Though the apology lacked sincerity, the night snack made up for it; Dominic reluctantly accepted the penance on behalf of the Heavenly Father.

With the fog of waking and a throbbing back of his head, he pondered for a long while, slowly remembering to ask whether he’d spoken any strange words in his sleep.

Just as he considered how to phrase the question, a violent flash of white replaced the darkness—brief, blinding—etching every twisted branch and twig in sharp detail, while distant mountain peaks cast twisted, looming shadows toward them.

Then darkness surged back like a tide, leaving afterimages that burned long in his vision.

Dominic stared blankly for a moment, realized the light came from beyond the clouds, and in half a breath leapt to the driver’s seat, snatching the reins from his dazed companion’s hands and gripping them tightly.

Soon, they heard the delayed thunder—a long, chaotic rumble, as if the mountain itself had awakened within the clouds, its rocky scales slowly grinding together, drowning out the panicked neighs of the horses.

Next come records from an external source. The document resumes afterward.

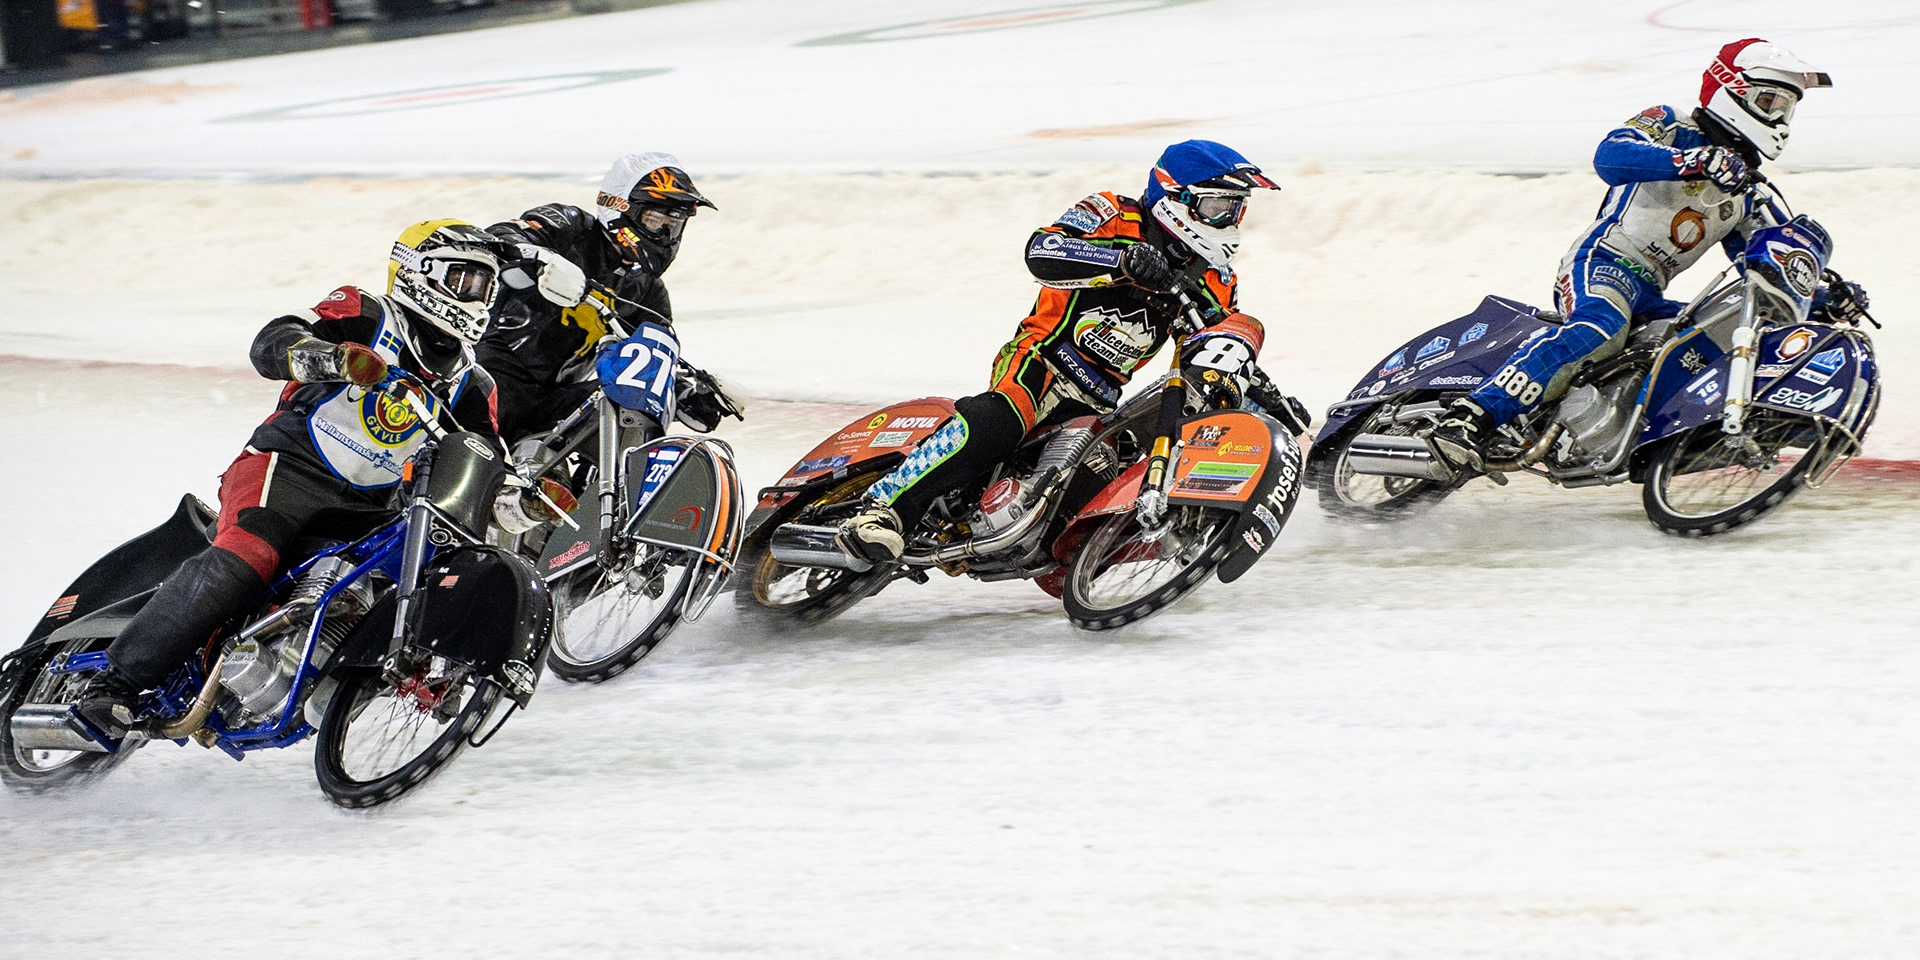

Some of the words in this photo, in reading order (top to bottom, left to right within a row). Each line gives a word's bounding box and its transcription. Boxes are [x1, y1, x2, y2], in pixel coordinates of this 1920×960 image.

[1709, 61, 1753, 97] 100%
[1160, 200, 1204, 240] SCOTT
[616, 342, 677, 397] 27
[1494, 364, 1543, 406] 888
[1696, 380, 1719, 398] 16
[315, 416, 376, 463] Mellansvenska
[366, 415, 402, 443] GÄVLE
[887, 416, 940, 429] MOTUL
[1267, 454, 1298, 515] Josef
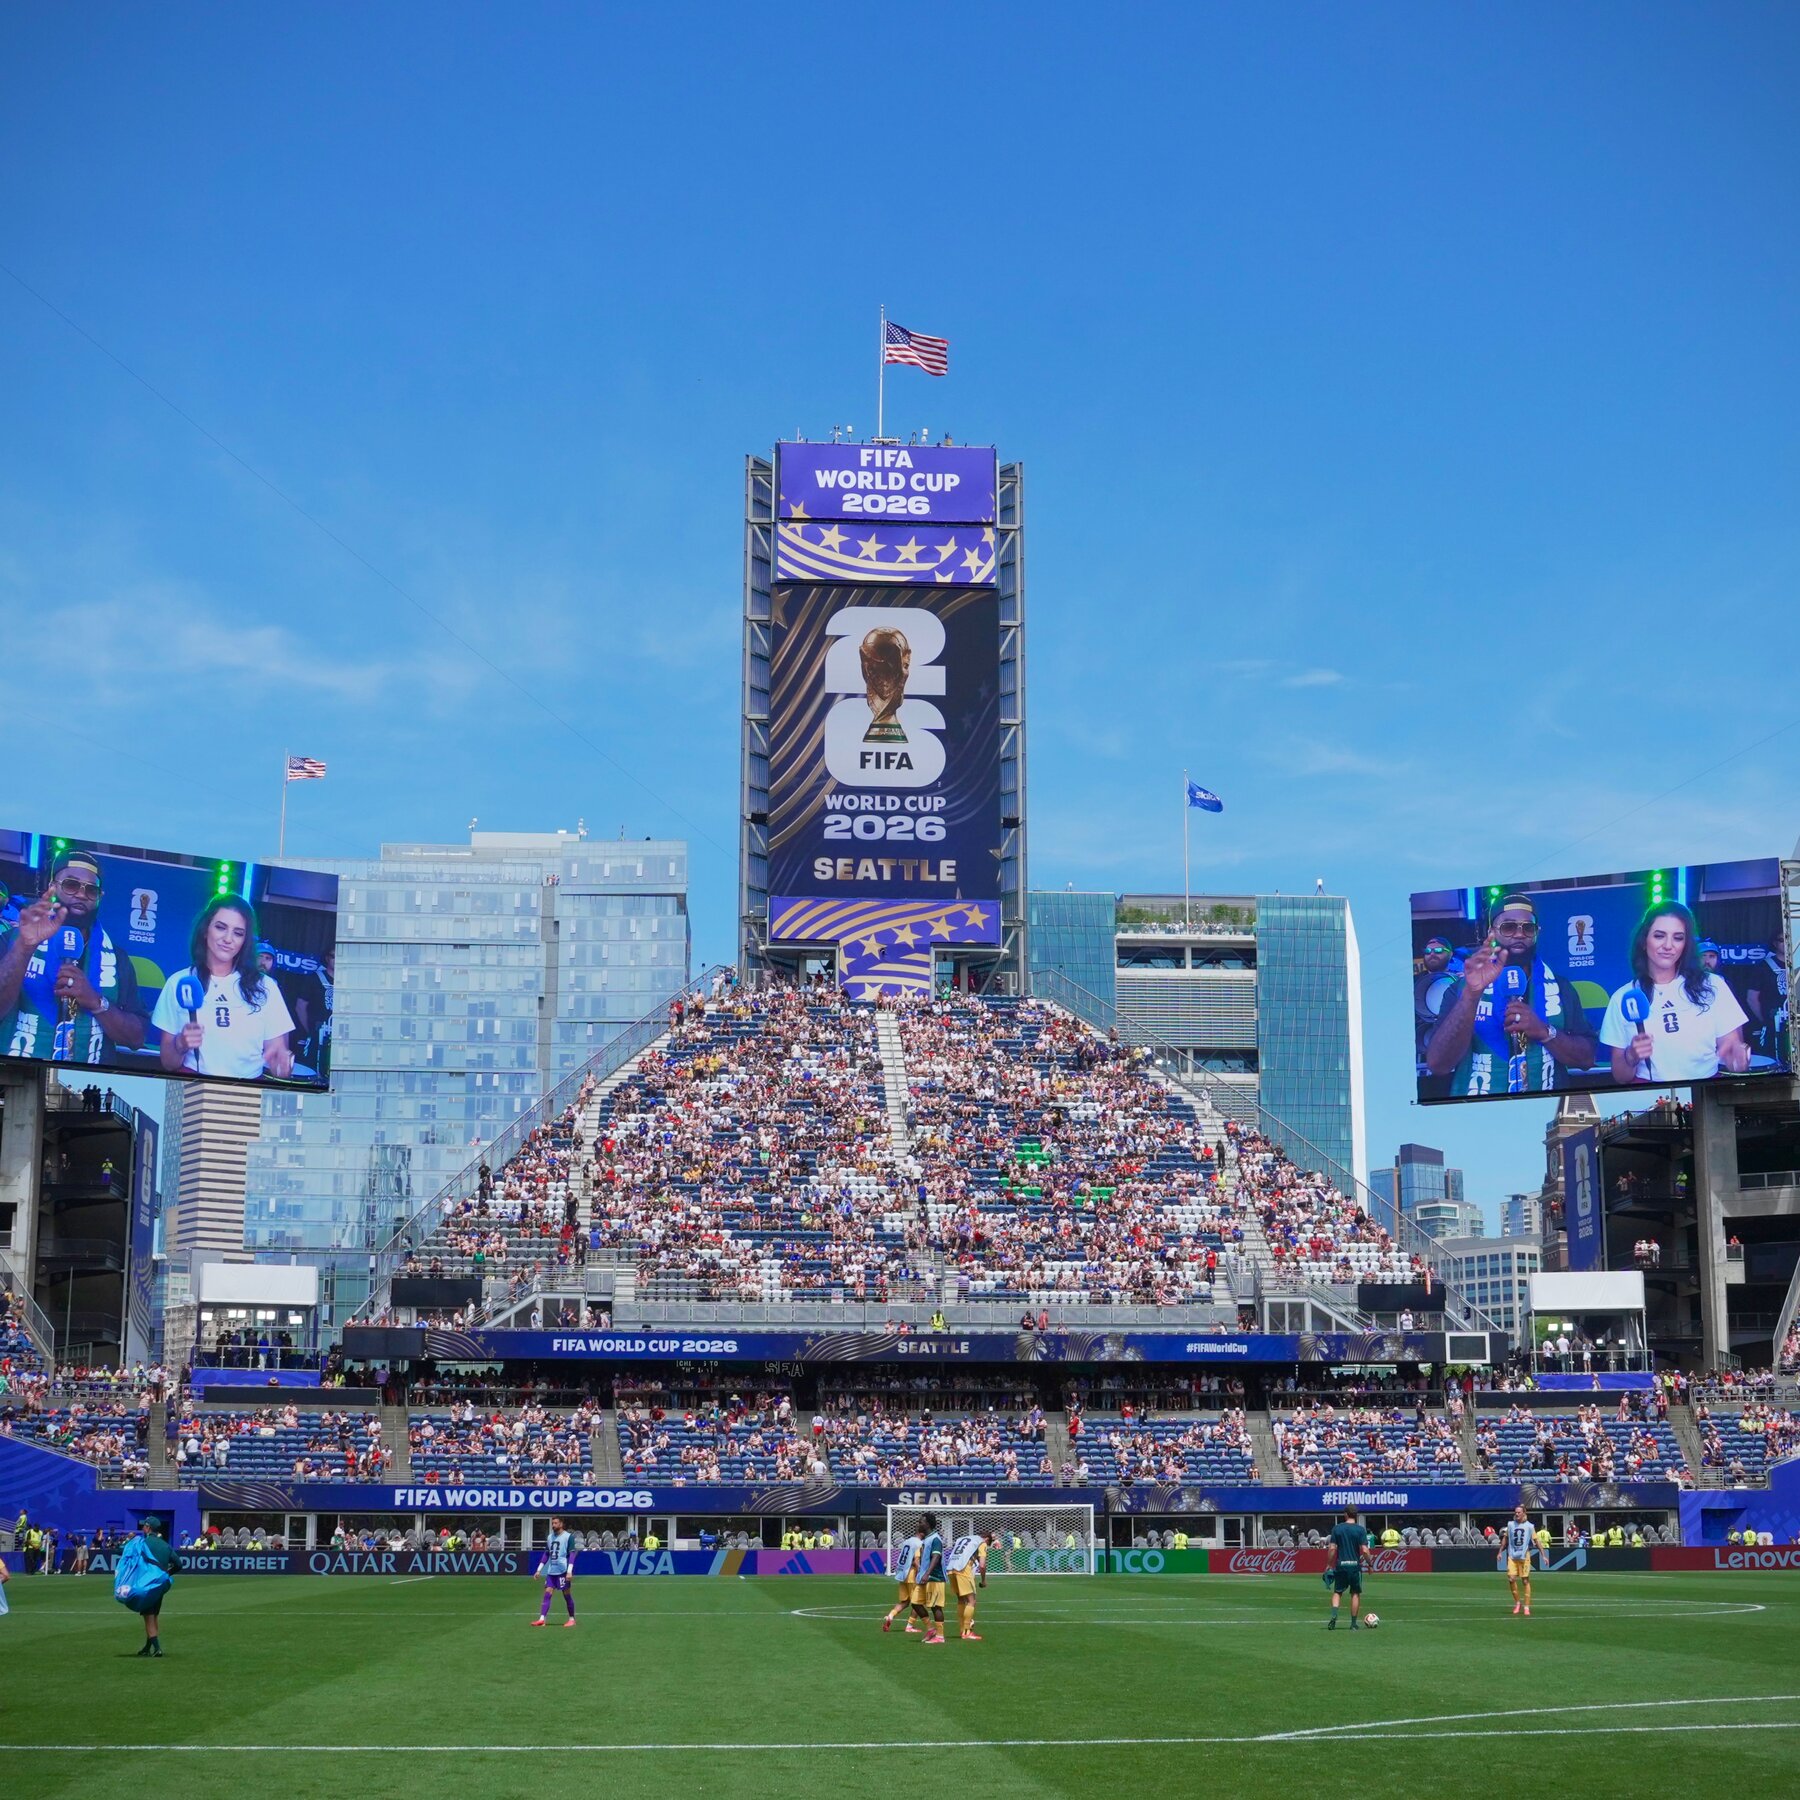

The reins burned hot trails across his palms; finally, the two of them held them steady together. The sound faded, vanishing beyond the horizon.

Still shaken, Dominic turned his palms over to inspect the wounds, preparing to treat them temporarily with his inner lining.

But his hearing was again overwhelmed by a deafening roar—the reins slipped from his grasp, and the cart careened wildly into the dark.

He heard his companion’s frantic shouts nearby, yelling as he tried to wrench the bridle.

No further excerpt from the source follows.